#### What to do
Apart from the images, reproduce all of the data word for word.

#### Data for this exercise

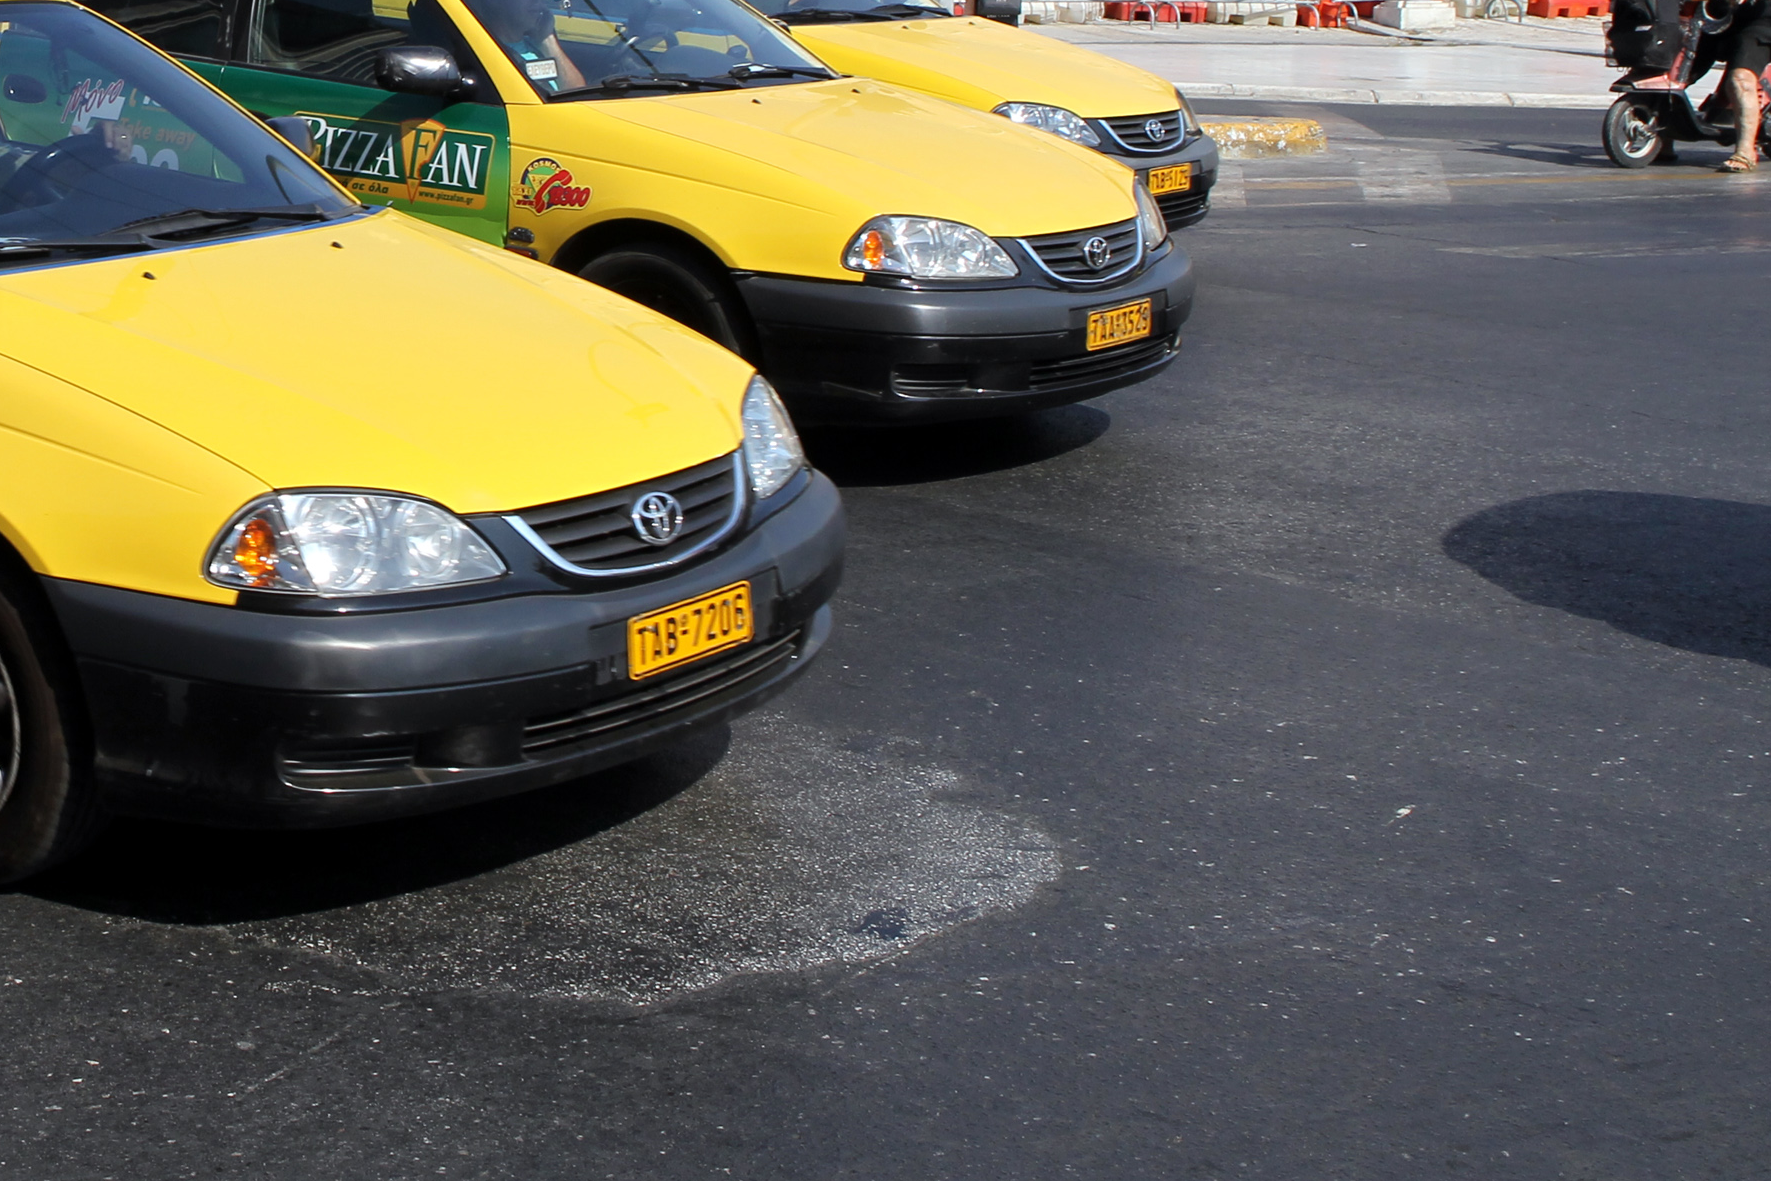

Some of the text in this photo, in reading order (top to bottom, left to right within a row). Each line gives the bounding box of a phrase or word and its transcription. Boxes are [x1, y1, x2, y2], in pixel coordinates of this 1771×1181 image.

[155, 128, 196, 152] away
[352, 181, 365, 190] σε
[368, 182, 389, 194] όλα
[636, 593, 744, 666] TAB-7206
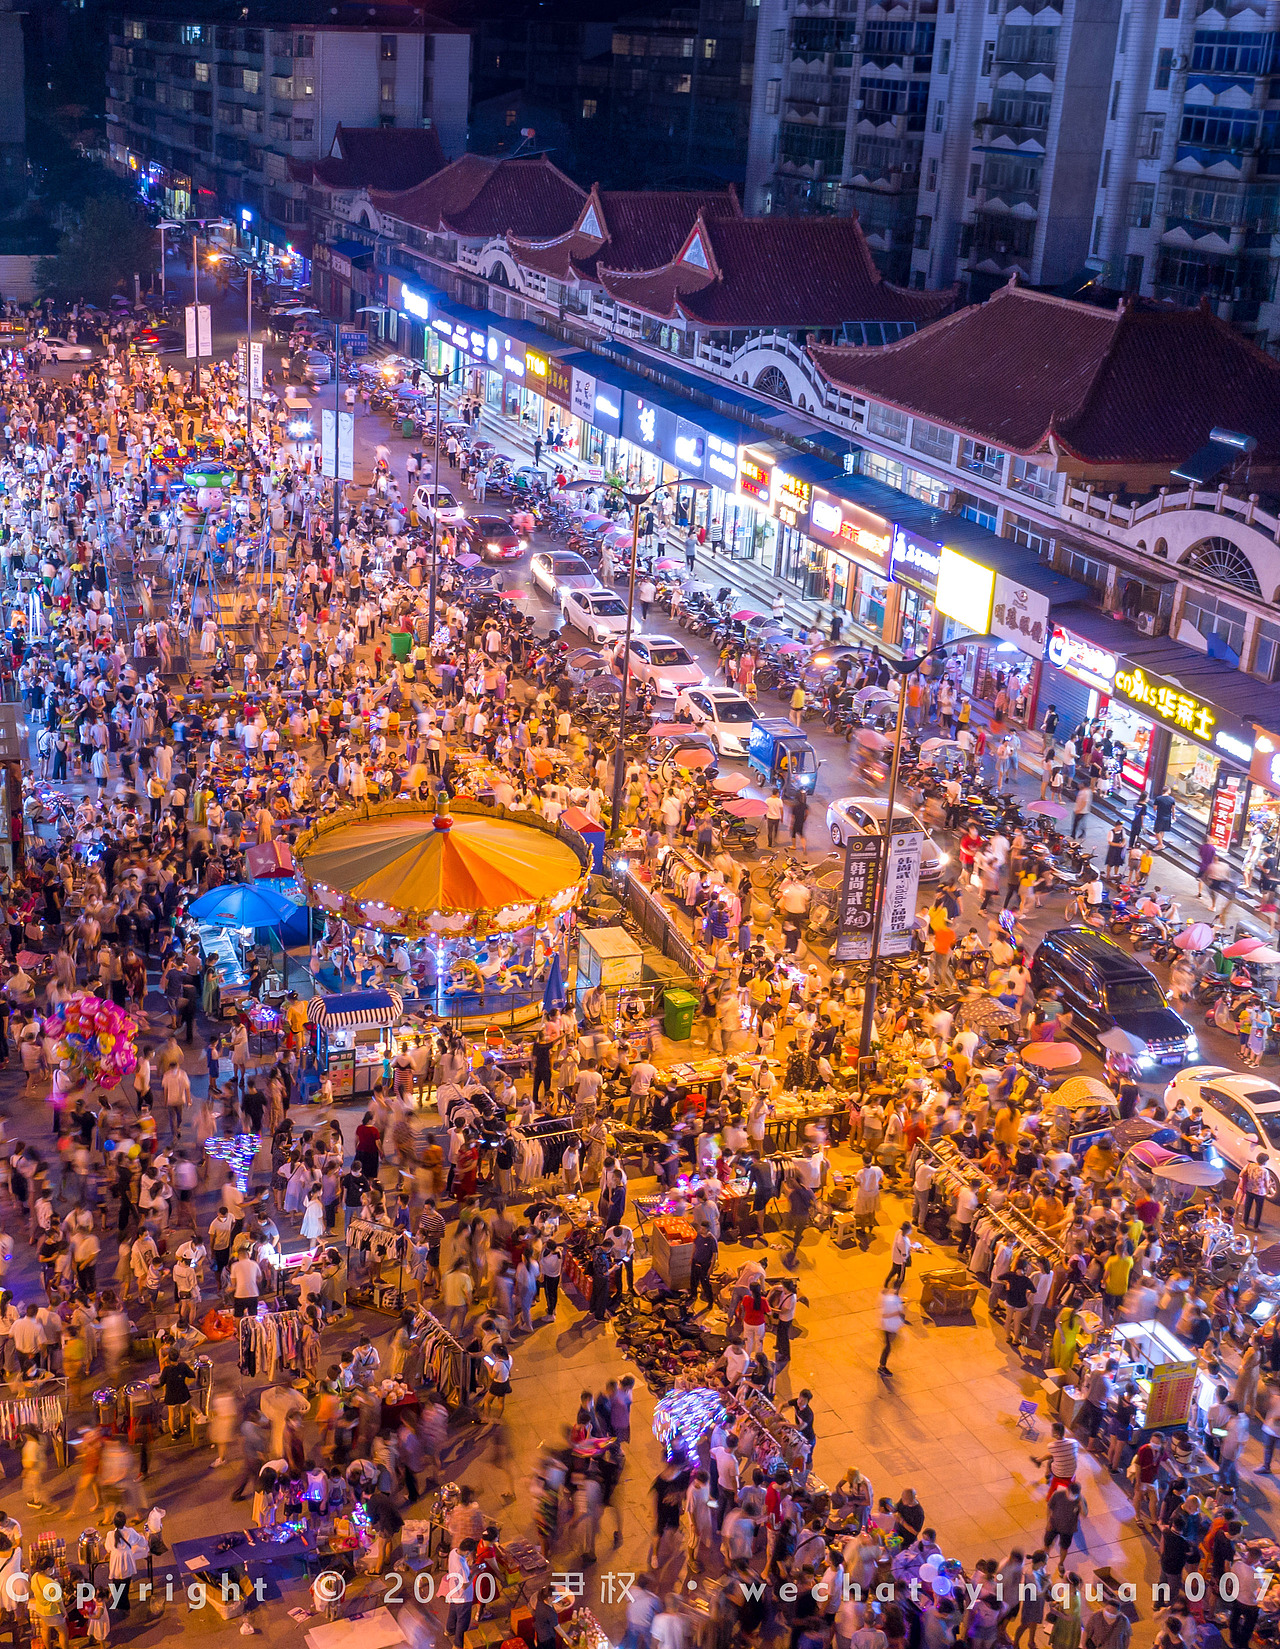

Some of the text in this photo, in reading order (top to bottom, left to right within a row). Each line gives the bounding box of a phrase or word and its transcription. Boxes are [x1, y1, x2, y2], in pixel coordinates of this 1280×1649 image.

#### Result
Some of the text in this photo, in reading order (top to bottom, left to right within a row). Each line gives the bounding box of a phrase or word and its transcription. Boxes are [x1, y1, x2, y2], in pixel coordinates of this 1771×1181 image.

[155, 128, 196, 152] away
[352, 181, 365, 190] σε
[368, 182, 389, 194] όλα
[636, 593, 744, 666] TAB-7206

Some of the text in this photo, in reading order (top to bottom, left to right within a row). Each line gives the bounding box of a phrase or word and its transcription. Boxes are [x1, y1, x2, y2], in pixel coordinates of this 1280×1649 image.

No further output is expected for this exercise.